Each record below should be returned exactly, with its pictures left out.

[INPUT FOR THIS TASK — start]

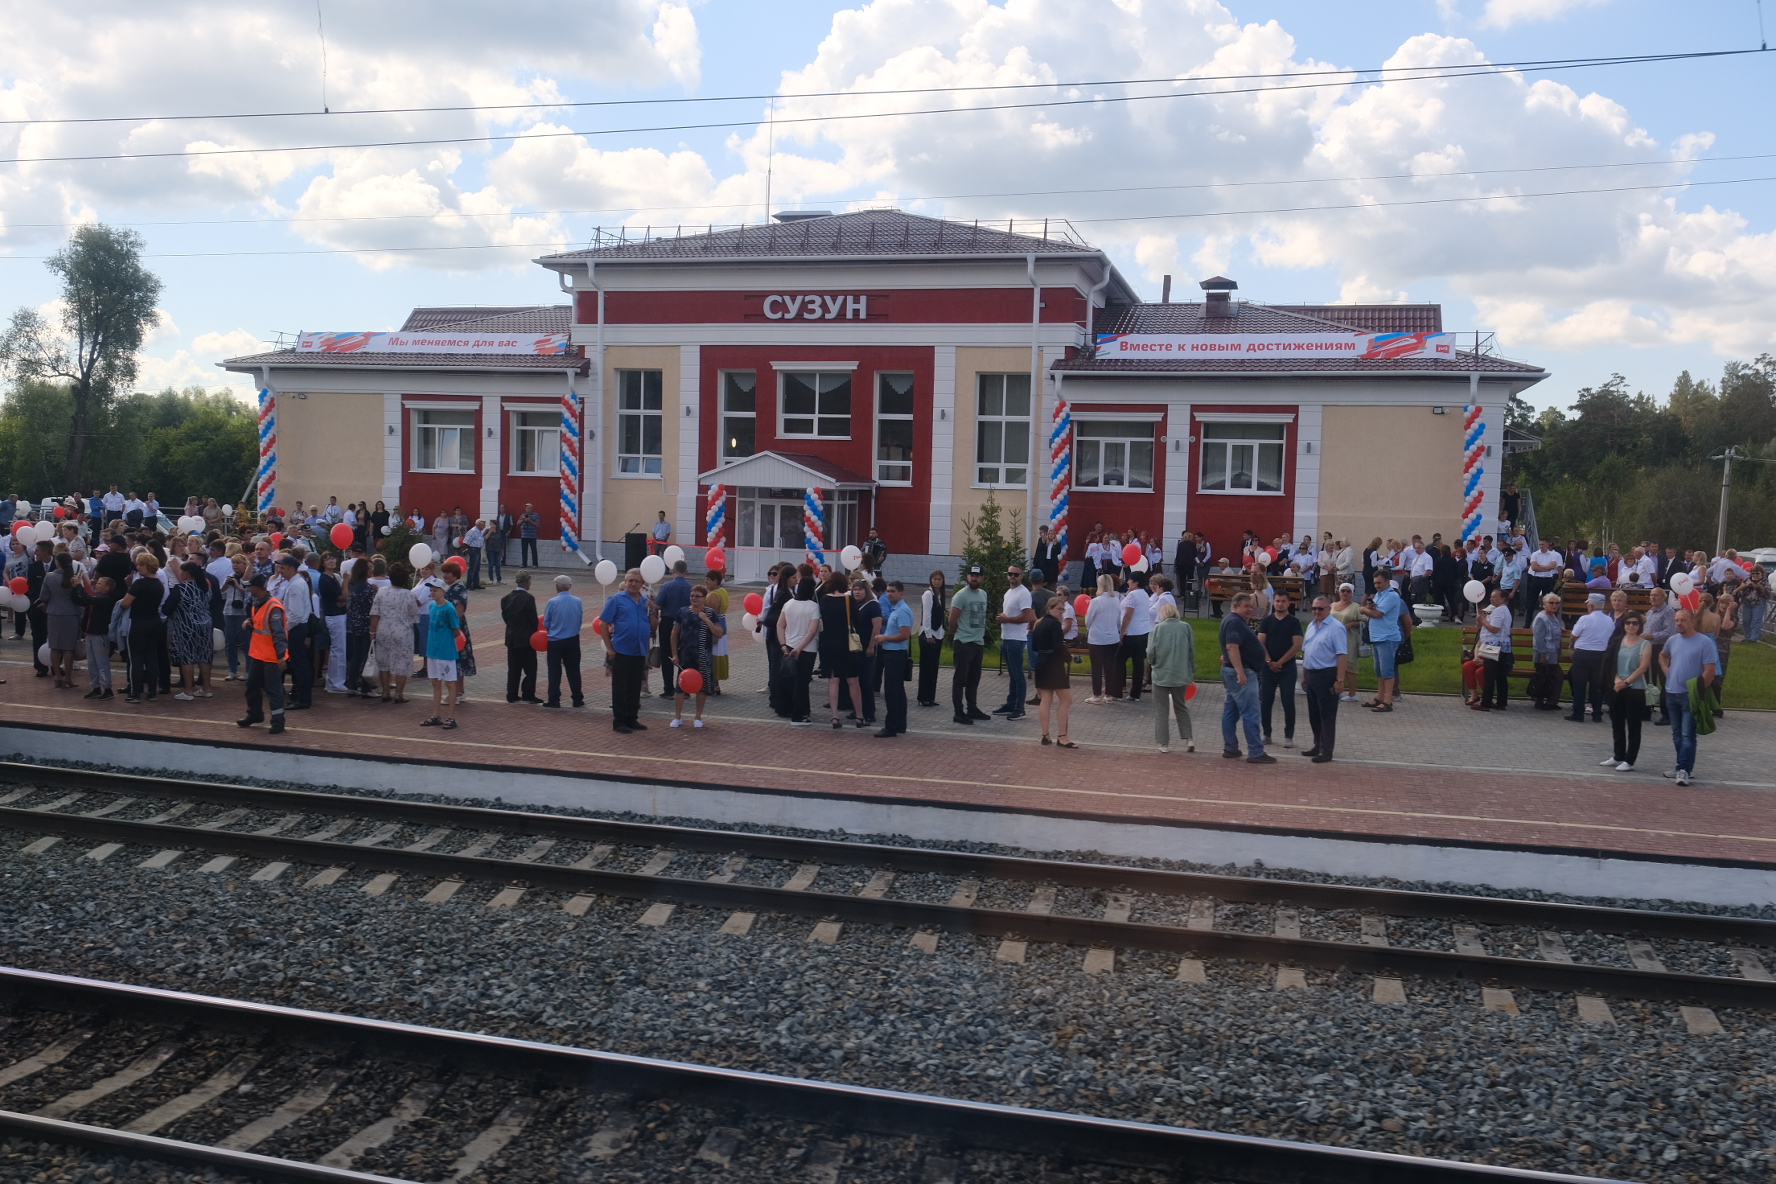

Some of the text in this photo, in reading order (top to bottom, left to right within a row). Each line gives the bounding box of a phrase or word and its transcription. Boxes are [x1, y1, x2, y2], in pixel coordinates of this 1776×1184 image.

[763, 294, 867, 320] СУЗУН
[387, 337, 518, 348] Мы меняемся для вас
[1120, 341, 1356, 353] Вместе к новым достижениям
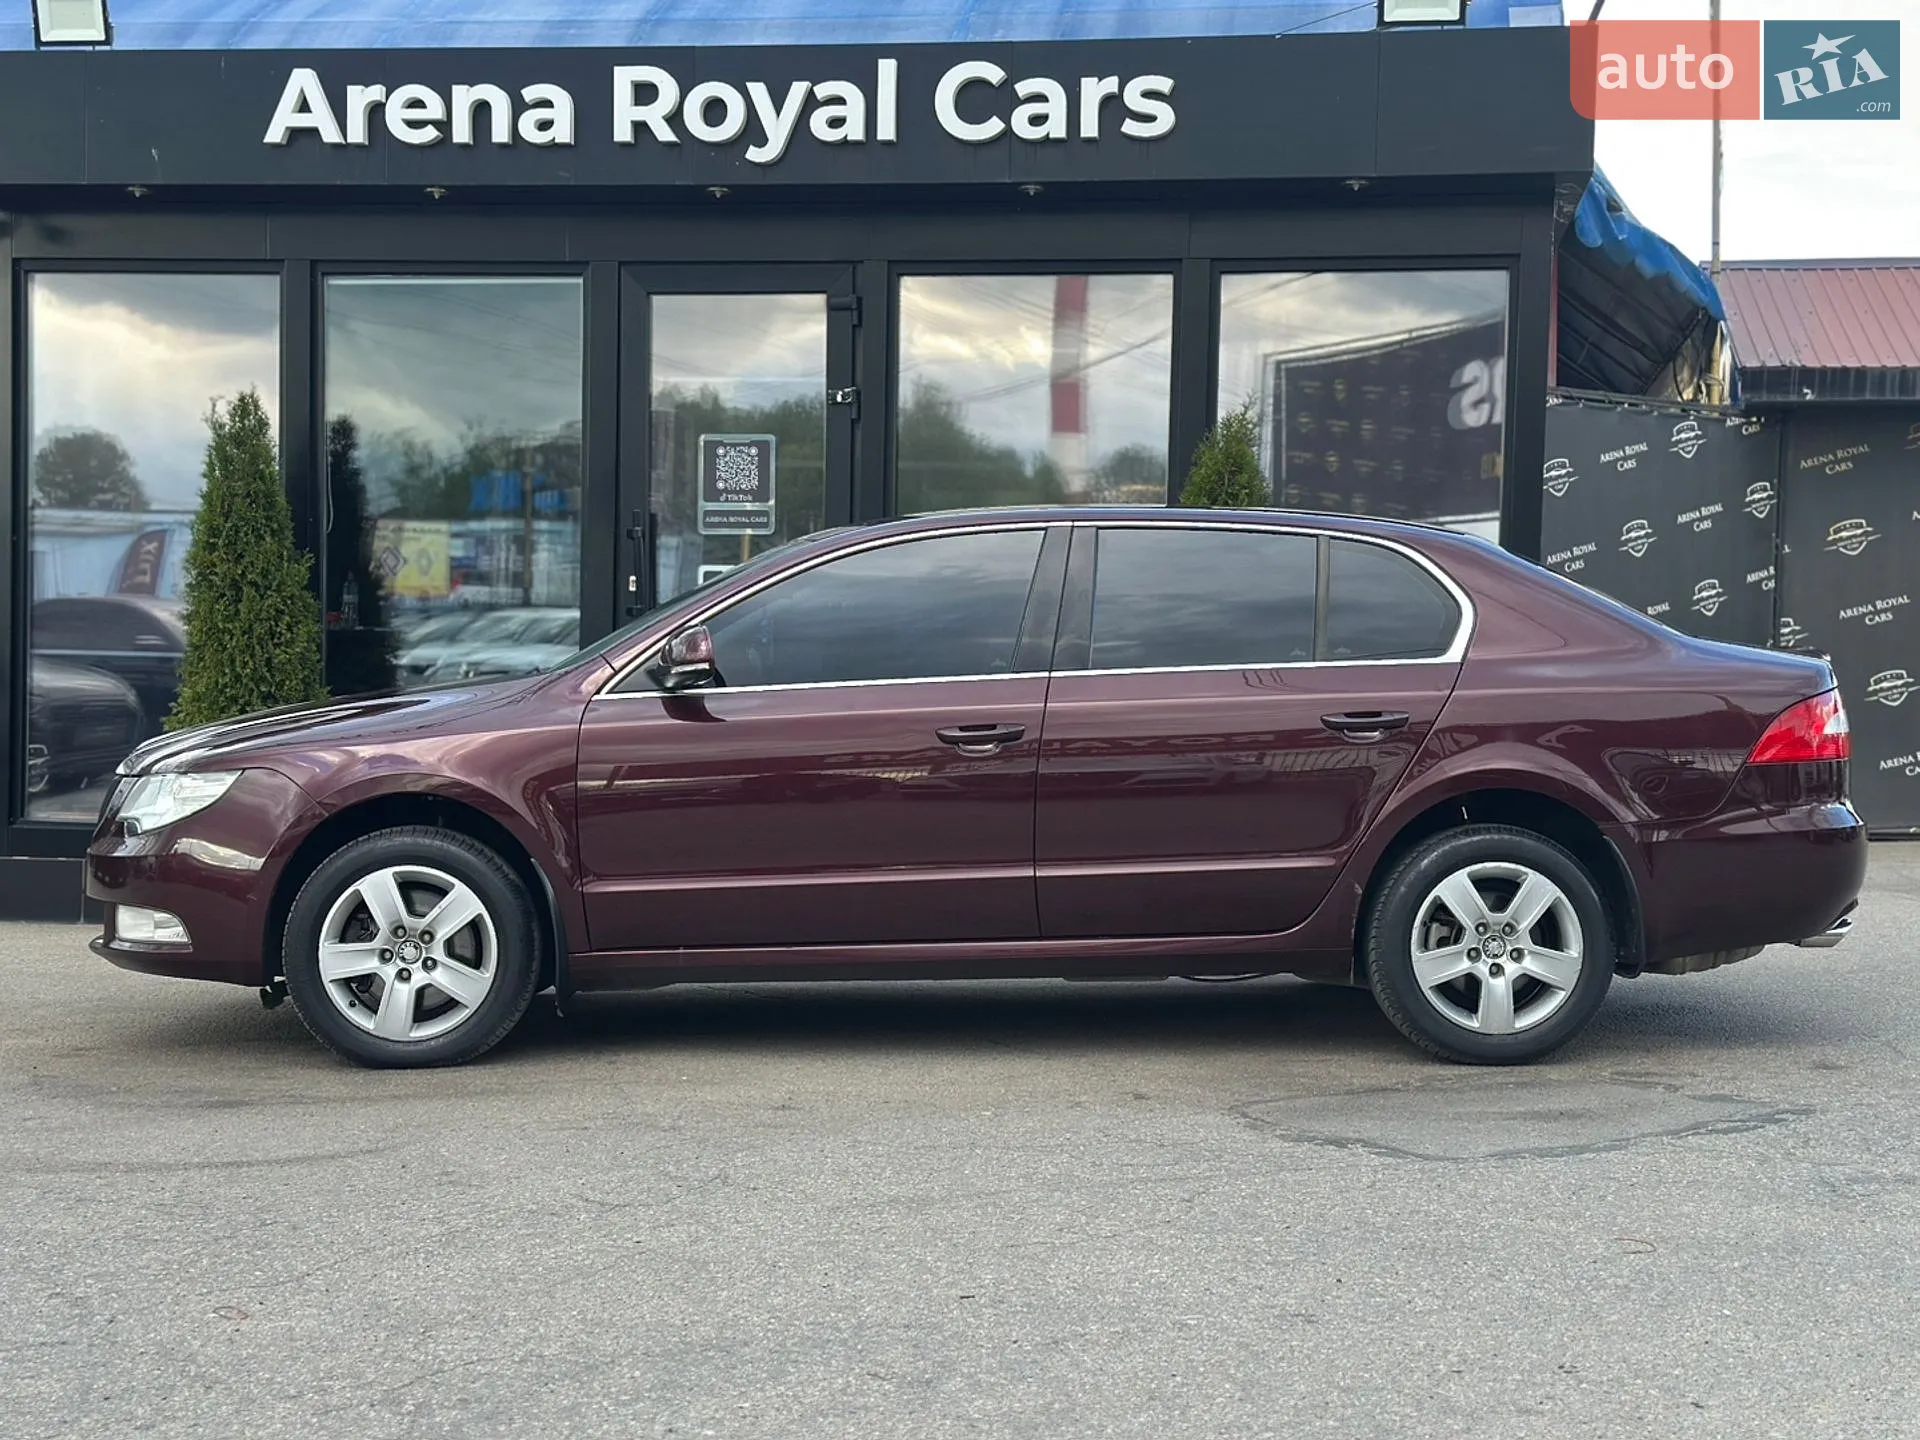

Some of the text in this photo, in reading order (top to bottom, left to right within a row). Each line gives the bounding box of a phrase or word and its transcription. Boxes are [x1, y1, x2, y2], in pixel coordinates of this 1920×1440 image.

[263, 58, 1177, 164] Arena Royal Cars
[1600, 442, 1649, 464] ARENA ROYAL
[1800, 444, 1870, 470] ARENA ROYAL
[1617, 458, 1637, 471] CARS
[1825, 461, 1854, 475] CARS
[1677, 502, 1724, 525] ARENA ROYAL
[1693, 519, 1713, 532] CARS
[1546, 542, 1597, 566] ARENA ROYAL
[1564, 559, 1585, 573] CARS
[1746, 570, 1769, 584] ARENA
[1839, 595, 1911, 620] ARENA ROYAL
[1865, 611, 1894, 625] CARS
[1879, 754, 1915, 770] ARENA

[INPUT FOR THIS TASK — finish]

> _ANSWER SECTION_
Some of the text in this photo, in reading order (top to bottom, left to right within a row). Each line gives the bounding box of a phrase or word and its transcription. Boxes are [x1, y1, x2, y2], in pixel coordinates of this 1776×1184 image.

[763, 294, 867, 320] СУЗУН
[387, 337, 518, 348] Мы меняемся для вас
[1120, 341, 1356, 353] Вместе к новым достижениям

Some of the text in this photo, in reading order (top to bottom, left to right within a row). Each line gives the bounding box of a phrase or word and its transcription. Boxes are [x1, y1, x2, y2], in pixel coordinates of this 1920×1440 image.

[263, 58, 1177, 164] Arena Royal Cars
[1600, 442, 1649, 464] ARENA ROYAL
[1800, 444, 1870, 470] ARENA ROYAL
[1617, 458, 1637, 471] CARS
[1825, 461, 1854, 475] CARS
[1677, 502, 1724, 525] ARENA ROYAL
[1693, 519, 1713, 532] CARS
[1546, 542, 1597, 566] ARENA ROYAL
[1564, 559, 1585, 573] CARS
[1746, 570, 1769, 584] ARENA
[1839, 595, 1911, 620] ARENA ROYAL
[1865, 611, 1894, 625] CARS
[1879, 754, 1915, 770] ARENA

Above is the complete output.